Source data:

>>>>

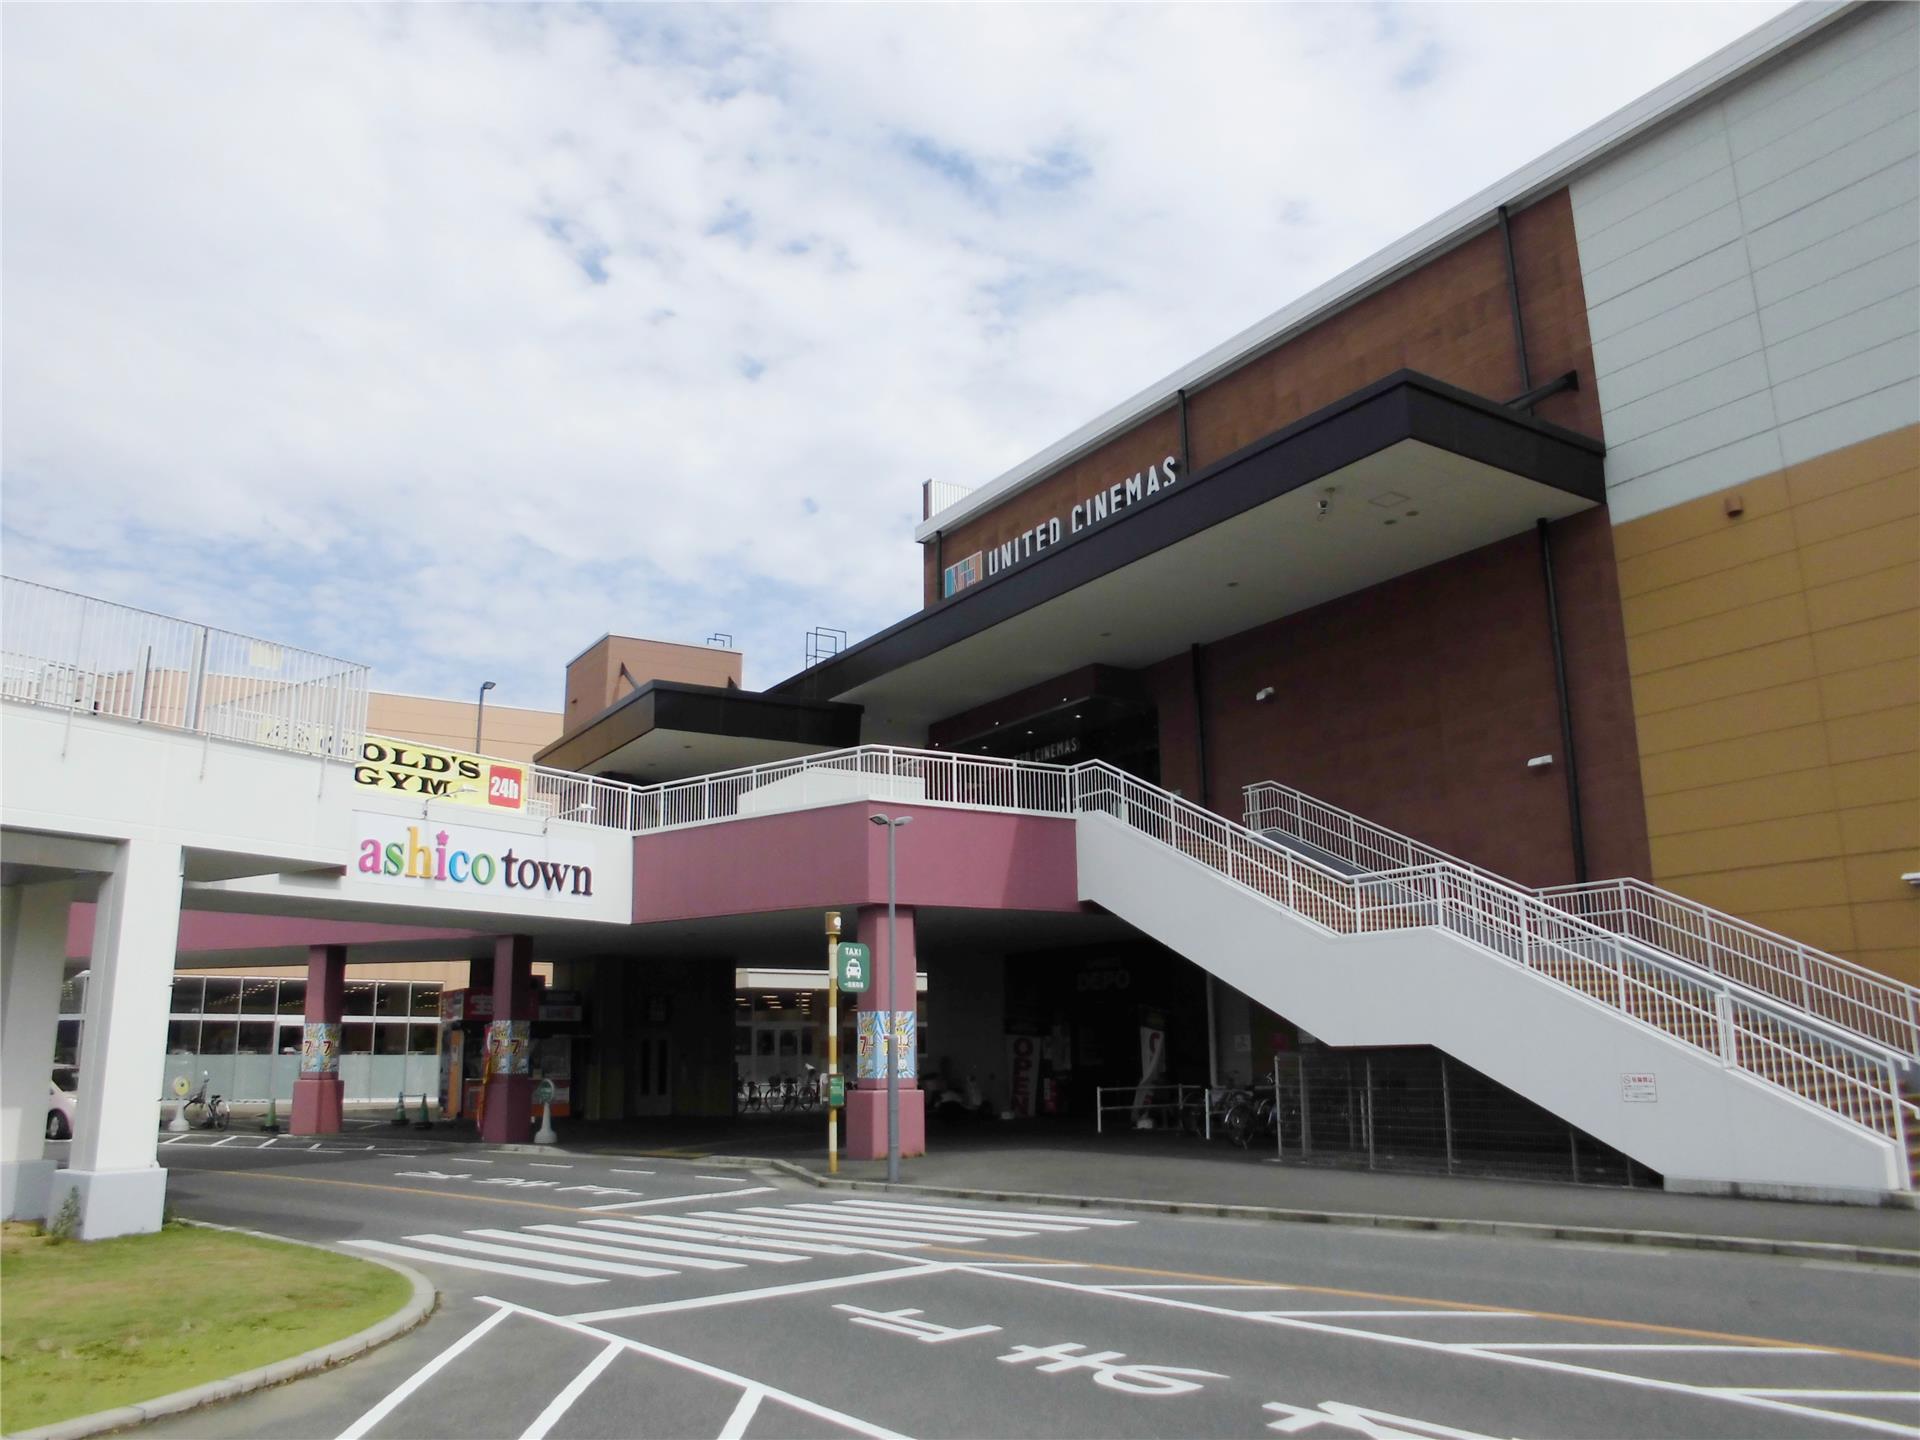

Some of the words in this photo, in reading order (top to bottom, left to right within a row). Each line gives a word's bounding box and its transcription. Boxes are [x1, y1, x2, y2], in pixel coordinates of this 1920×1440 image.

[988, 517, 1060, 575] UNITED
[1071, 455, 1177, 534] CINEMAS
[362, 742, 481, 779] OLD'S
[354, 765, 452, 798] GYM
[490, 776, 519, 801] 24h
[358, 826, 496, 886] ashico
[501, 848, 593, 897] town
[844, 946, 862, 956] TAXI
[1076, 968, 1131, 992] DEPO
[1010, 1037, 1034, 1120] OPEN
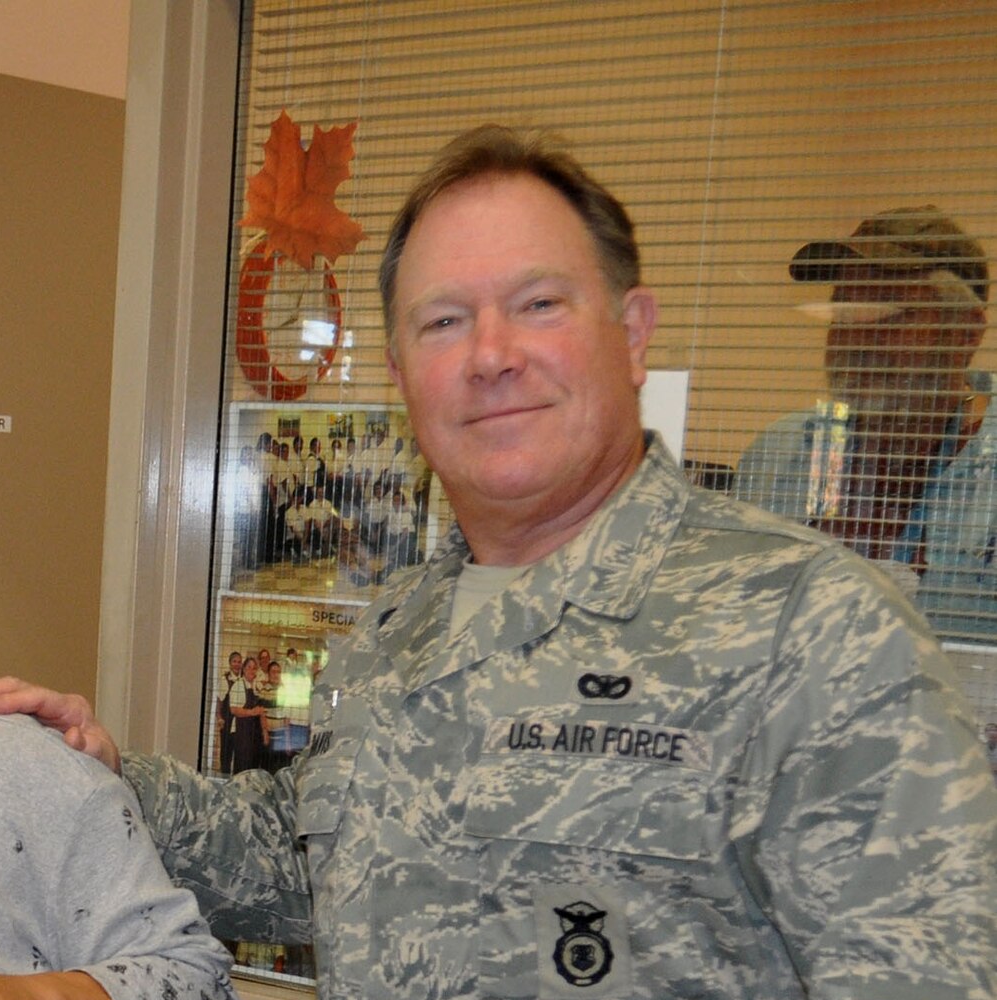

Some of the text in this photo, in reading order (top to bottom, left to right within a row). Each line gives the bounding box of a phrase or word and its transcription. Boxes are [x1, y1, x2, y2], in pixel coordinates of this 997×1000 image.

[312, 610, 356, 626] SPECIA
[508, 723, 688, 762] U.S. AIR FORCE
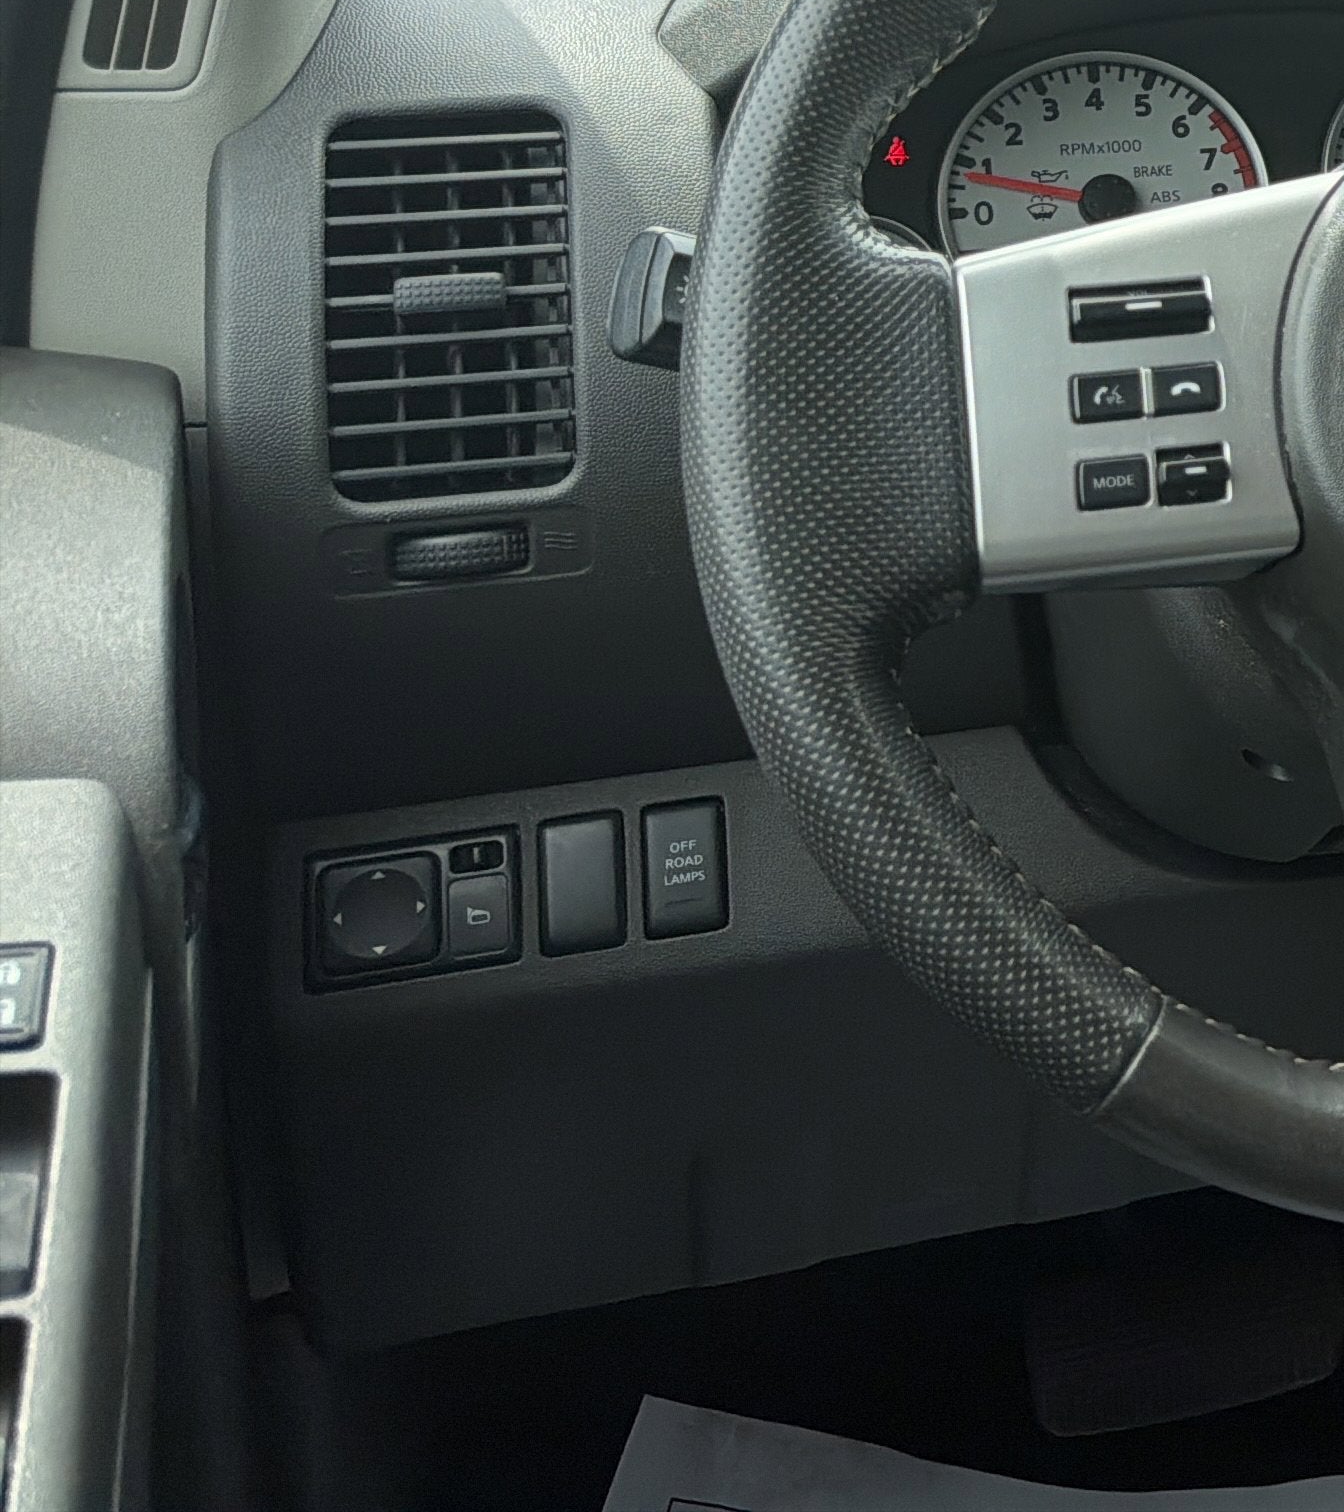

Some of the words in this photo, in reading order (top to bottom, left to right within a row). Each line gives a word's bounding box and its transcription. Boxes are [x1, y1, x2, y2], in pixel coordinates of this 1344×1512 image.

<<<<

* _TASK REQUIREMENTS_
Could you retype all the entries exactly, skipping the pictures?

* _ANSWER SPACE_
Some of the words in this photo, in reading order (top to bottom, left to right within a row). Each line gives a word's bounding box and its transcription. Boxes are [x1, y1, x2, y2], in pixel coordinates of this 1920×1440 image.

[988, 517, 1060, 575] UNITED
[1071, 455, 1177, 534] CINEMAS
[362, 742, 481, 779] OLD'S
[354, 765, 452, 798] GYM
[490, 776, 519, 801] 24h
[358, 826, 496, 886] ashico
[501, 848, 593, 897] town
[844, 946, 862, 956] TAXI
[1076, 968, 1131, 992] DEPO
[1010, 1037, 1034, 1120] OPEN

Some of the text in this photo, in reading order (top to bottom, left to right within a row). Each line gives the bounding box of a phrase or word and its transcription. Boxes are [x1, y1, x2, y2], in pixel coordinates of this 997×1000 image.

[312, 610, 356, 626] SPECIA
[508, 723, 688, 762] U.S. AIR FORCE

Some of the words in this photo, in reading order (top to bottom, left to right within a row). Each line gives a word's bounding box and its transcription. Boxes are [x1, y1, x2, y2], in pixel coordinates of this 1344×1512 image.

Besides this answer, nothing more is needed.